1. Transformation:
* Mécanisme: Il s'agit d'un processus naturel où les bactéries peuvent prendre l'ADN nu de leur environnement.
* Procédure:
* Les bactéries sont traitées avec un produit chimique (comme le chlorure de calcium) ou un bref choc électrique (électroporation) pour rendre leurs parois cellulaires plus perméables.
* Le gène souhaité (souvent cloné dans un plasmide) est ensuite ajouté aux bactéries.
* Certaines bactéries prennent l'ADN, l'incorporant dans leur propre génome ou le maintenant comme un plasmide séparé.
* Avantages: Simple et relativement peu coûteux.
* Inconvénients: Toutes les bactéries ne sont pas naturellement compétentes (capables de prendre l'ADN).
2. Transduction:
* Mécanisme: Un bactériophage (un virus qui infecte les bactéries) agit comme un vecteur, transportant l'ADN bactérien d'une cellule à l'autre.
* Procédure:
* Le phage infecte une bactérie donneuse, ramassant des fragments de l'ADN du donneur.

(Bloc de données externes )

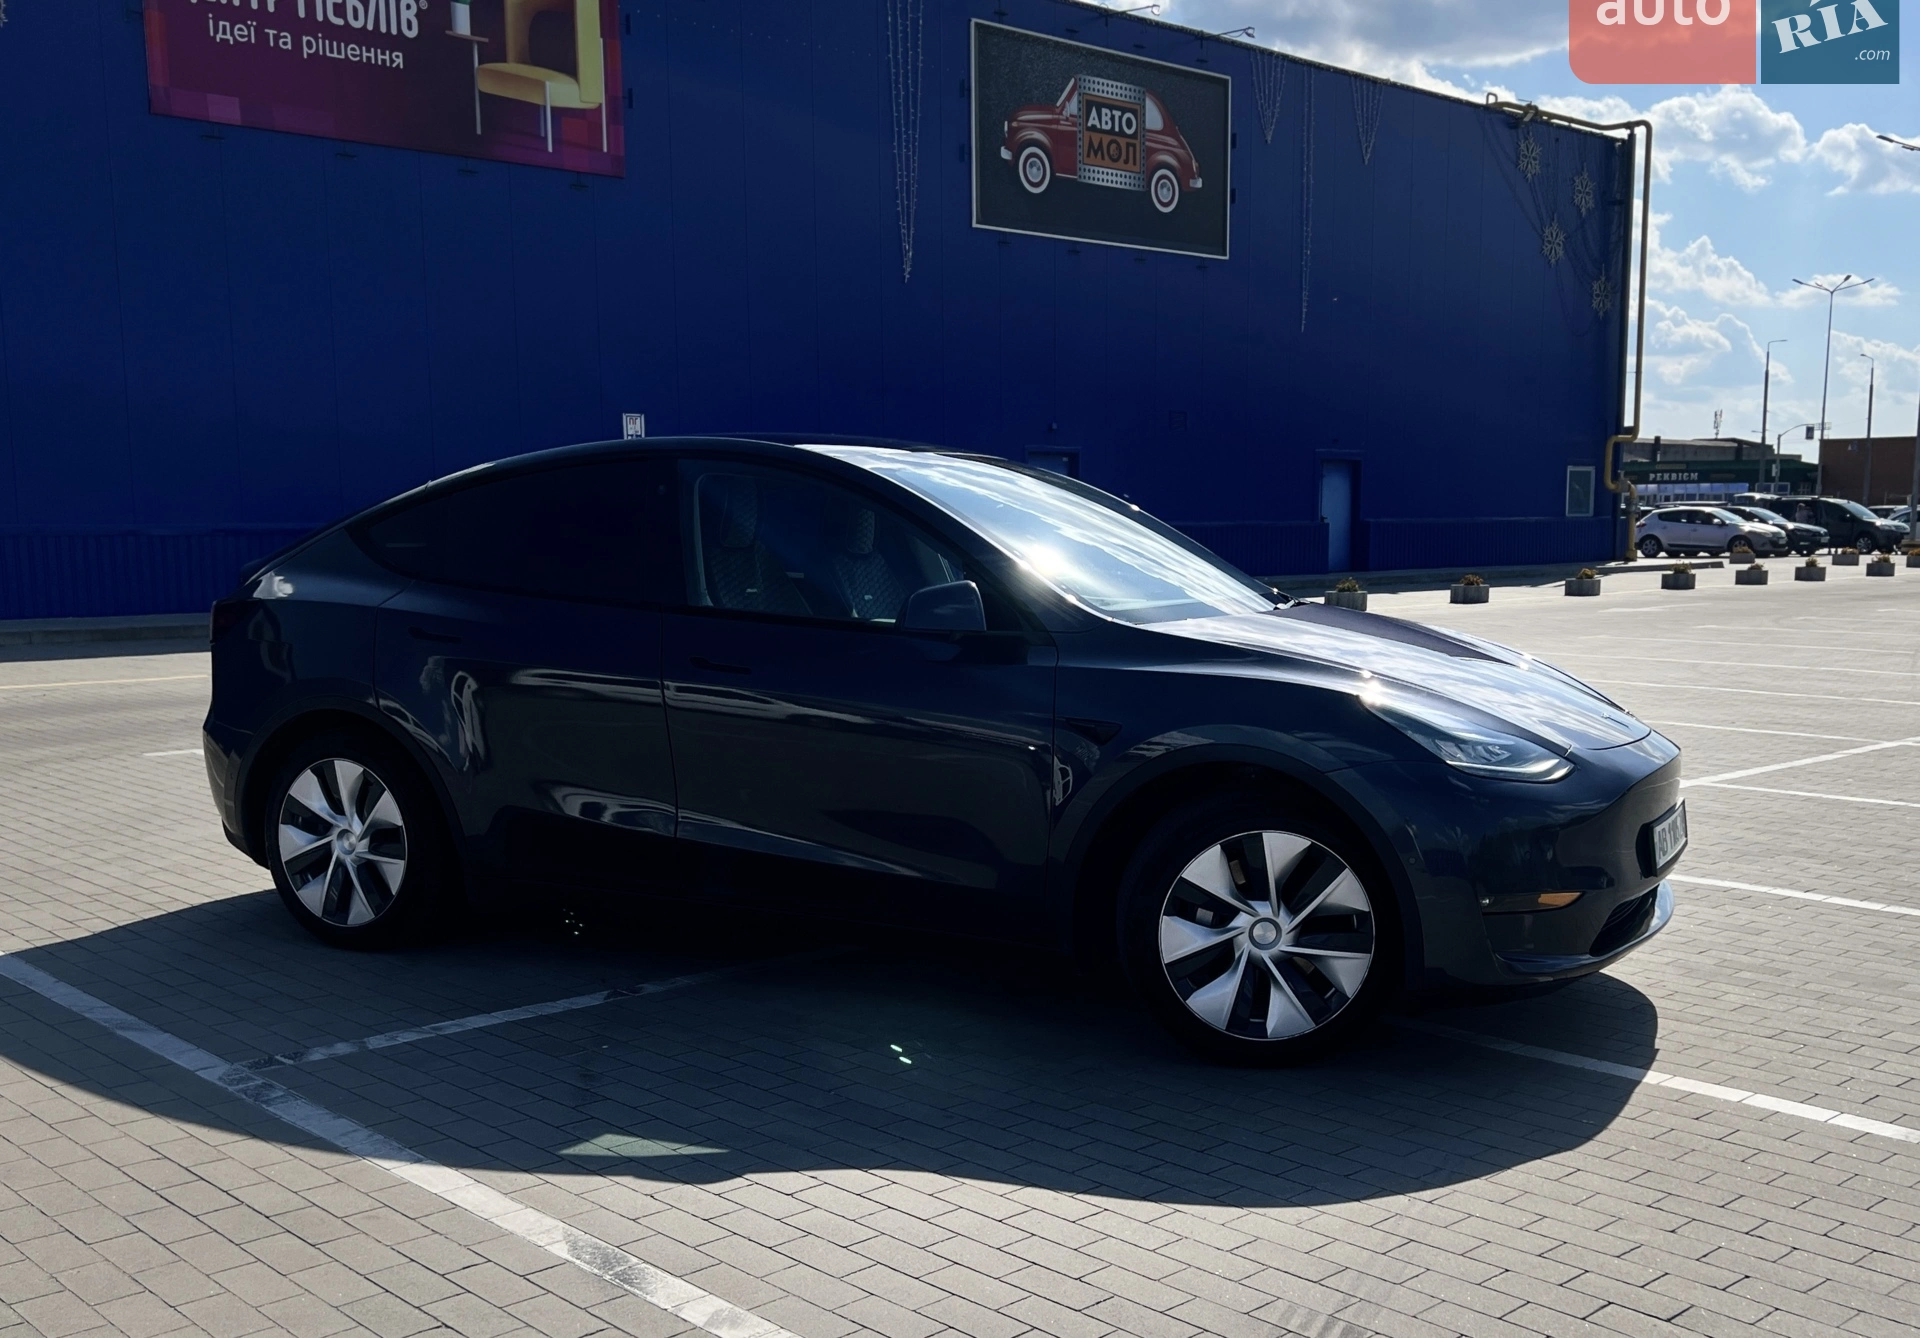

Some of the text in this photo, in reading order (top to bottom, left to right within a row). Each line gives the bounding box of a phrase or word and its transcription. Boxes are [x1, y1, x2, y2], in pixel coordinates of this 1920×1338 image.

* Le phage infecte ensuite une bactérie receveuse, transférant l'ADN acquis.
* Avantages: Très efficace pour transférer des gènes spécifiques.
* Inconvénients: Nécessite des phages spécialisés pour chaque espèce bactérienne.
3. Conjugaison:
* Mécanisme: Transfert direct de l'ADN d'une bactérie à une autre via une connexion physique (pilus).
* Procédure:
* Les bactéries donneuses possèdent un facteur de fertilité (facteur F) qui leur permet de former un pilus, se connectant avec les bactéries bénéficiaires.
* Le facteur F peut être incorporé dans le chromosome bactérien, permettant le transfert de gènes chromosomiques.
* Avantages: Permet le transfert de gros fragments d'ADN.
* Inconvénients: Nécessite un équipement et des techniques spécialisés.
4. Méthodes de transformation artificielle:
* électroporation: Une brève impulsion électrique crée des pores dans la membrane cellulaire, permettant à l'ADN d'entrer.
* Microinjection: L'ADN est directement injecté dans la cellule bactérienne à l'aide d'une aiguille fine.
* Livraison médiée par les liposomes: L'ADN est encapsulé dans les liposomes (vésicules lipidiques) qui fusionnent avec la membrane cellulaire bactérienne, fournissant l'ADN à l'intérieur.
Considérations importantes:
* Sélection vectorielle: Le choix du vecteur approprié (plasmide, phage ou autre) dépend de la taille du gène, des bactéries hôtes et du résultat souhaité.
* Marqueurs de sélection: Les gènes qui fournissent une résistance aux antibiotiques ou à d'autres traits sélectionnables sont souvent incorporés dans des vecteurs pour distinguer les bactéries transformées de celles non transformées.
* Expression du gène: Après transfert, le gène introduit doit être exprimé dans les bactéries receveuses. Cela nécessite souvent que les éléments réglementaires (promoteurs, terminateurs) soient présents dans le vecteur.
Ces méthodes de technologie ADN sont des outils cruciaux pour le génie génétique, la recherche et la biotechnologie. Ils nous permettent de comprendre les fonctions bactériennes, de développer de nouveaux médicaments et même de créer des organismes avec des traits souhaitables.